#### Exercise:
Each entry below must appear in the output exactly as written.

━━━━━━━━━━━━━━━━━━━━

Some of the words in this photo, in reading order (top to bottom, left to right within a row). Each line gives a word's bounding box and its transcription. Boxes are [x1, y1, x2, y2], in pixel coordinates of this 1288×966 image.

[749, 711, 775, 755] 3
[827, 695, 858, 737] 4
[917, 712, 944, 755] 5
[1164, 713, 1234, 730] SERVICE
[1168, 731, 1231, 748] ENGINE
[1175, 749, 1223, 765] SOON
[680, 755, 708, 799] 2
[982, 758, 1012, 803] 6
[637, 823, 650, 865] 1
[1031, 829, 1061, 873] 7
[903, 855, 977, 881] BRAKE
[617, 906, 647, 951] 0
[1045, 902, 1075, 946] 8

━━━━━━━━━━━━━━━━━━━━

#### Solution below:
Some of the words in this photo, in reading order (top to bottom, left to right within a row). Each line gives a word's bounding box and its transcription. Boxes are [x1, y1, x2, y2], in pixel coordinates of this 1288×966 image.

[749, 711, 775, 755] 3
[827, 695, 858, 737] 4
[917, 712, 944, 755] 5
[1164, 713, 1234, 730] SERVICE
[1168, 731, 1231, 748] ENGINE
[1175, 749, 1223, 765] SOON
[680, 755, 708, 799] 2
[982, 758, 1012, 803] 6
[637, 823, 650, 865] 1
[1031, 829, 1061, 873] 7
[903, 855, 977, 881] BRAKE
[617, 906, 647, 951] 0
[1045, 902, 1075, 946] 8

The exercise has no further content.